The explanation was among briefing points on a number of issues in an email accidentally sent to the Newstalk ZB newsroom this week. It was not the Government's best day.
Return flights from New York and an all-expenses paid visit to New Zealand might not count as chequebook campaigning by the standards of some UN members. This country, we hope, would not contemplate tying votes to foreign aid projects. But the junket is more than taxpayers might approve for its true purpose, as the Government obviously knows. Why else did it try to keep it quiet?

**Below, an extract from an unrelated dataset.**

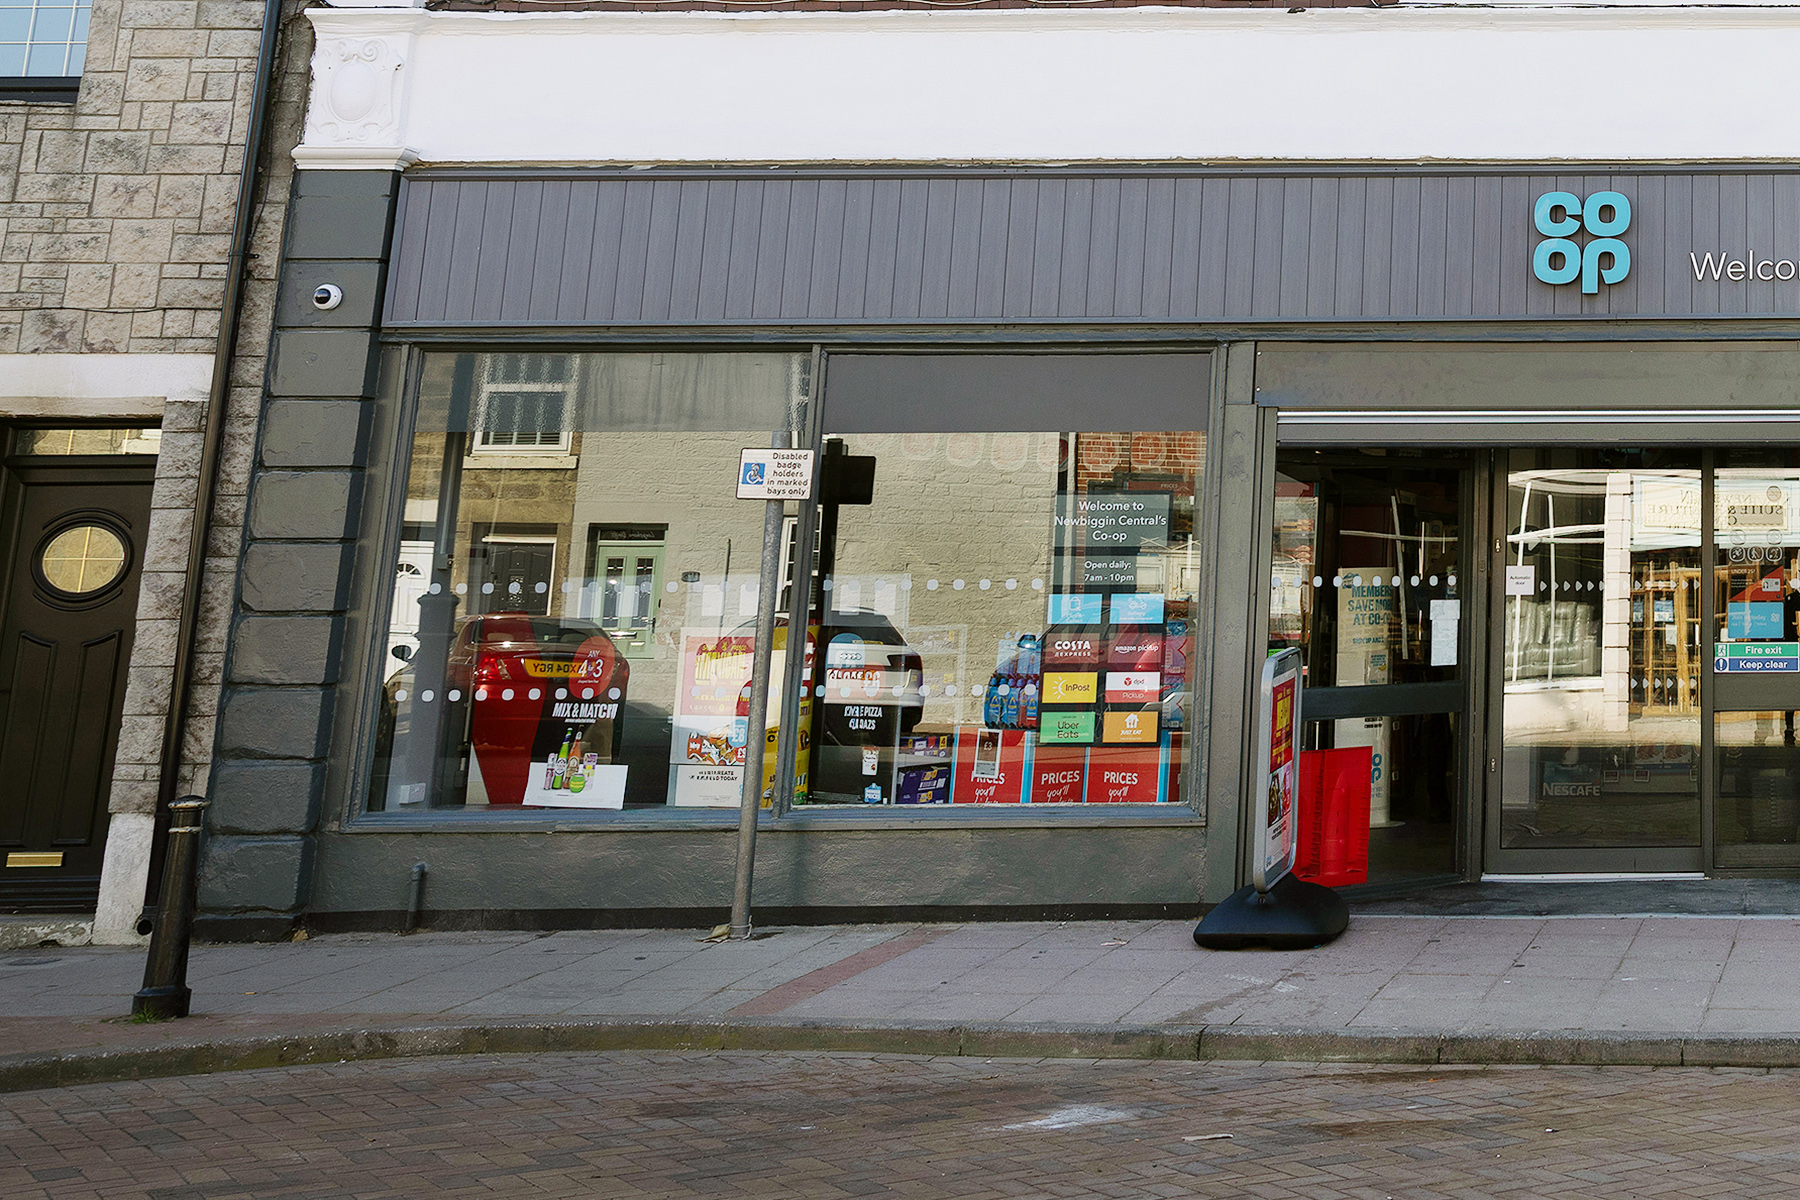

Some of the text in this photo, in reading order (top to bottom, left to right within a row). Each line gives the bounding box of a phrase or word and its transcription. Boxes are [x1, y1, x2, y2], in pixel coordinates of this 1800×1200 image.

Hospitality on this scale is fine for tourism promotions but what does it have to do with our case for a term on the Security Council? Countries whose votes we are courting are surely interested in our position on issues and problems of concern to them, not the attractions of Queenstown, splendid as they are. It would make more sense for all our campaign cheques to be written for McCully and his diplomats to visit the voting countries.
No doubt they have done so. McCully's travel bill for this purpose amounted to $212,609 in the three months to last September, nearly a quarter of the cost of all ministerial trips overseas in that period. The time and effort that diplomats put into these Security Council seats is extraordinary. This campaign started as long ago as 2004 under Helen Clark. It will have been running 10 years by the time it comes to a vote in October. And if we win a seat, we will occupy it for just two years. Why do they bother?

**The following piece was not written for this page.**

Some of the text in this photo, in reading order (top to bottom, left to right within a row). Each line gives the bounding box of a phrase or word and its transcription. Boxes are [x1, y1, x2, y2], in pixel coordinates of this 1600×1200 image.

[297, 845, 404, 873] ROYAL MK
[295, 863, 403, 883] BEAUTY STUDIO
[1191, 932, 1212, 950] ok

It is not as though the non-permanent members have much power. Any action the Security Council wants to take is liable to need the unanimous support of the five permanent members, the United States, Russia, China, the United Kingdom and France, who each have a veto.
McCully is pitching New Zealand's case as a "fair minded and constructive country" offering other UN members confidence that the Council will listen to them if anything of concern to their region comes on to its agenda.
Labour's foreign affairs spokesman, David Shearer, has been equally committed to the campaign. Shearer was a UN worker in Uganda last time New Zealand held a seat on the council. It is "a very big deal," he says. "It's the possibility of having New Zealand values and sense of fair play projected on a world stage."
The UN is a strange place, running on diplomatic rites and status recognition that mean little to people outside. It was not worth the Queenstown treat.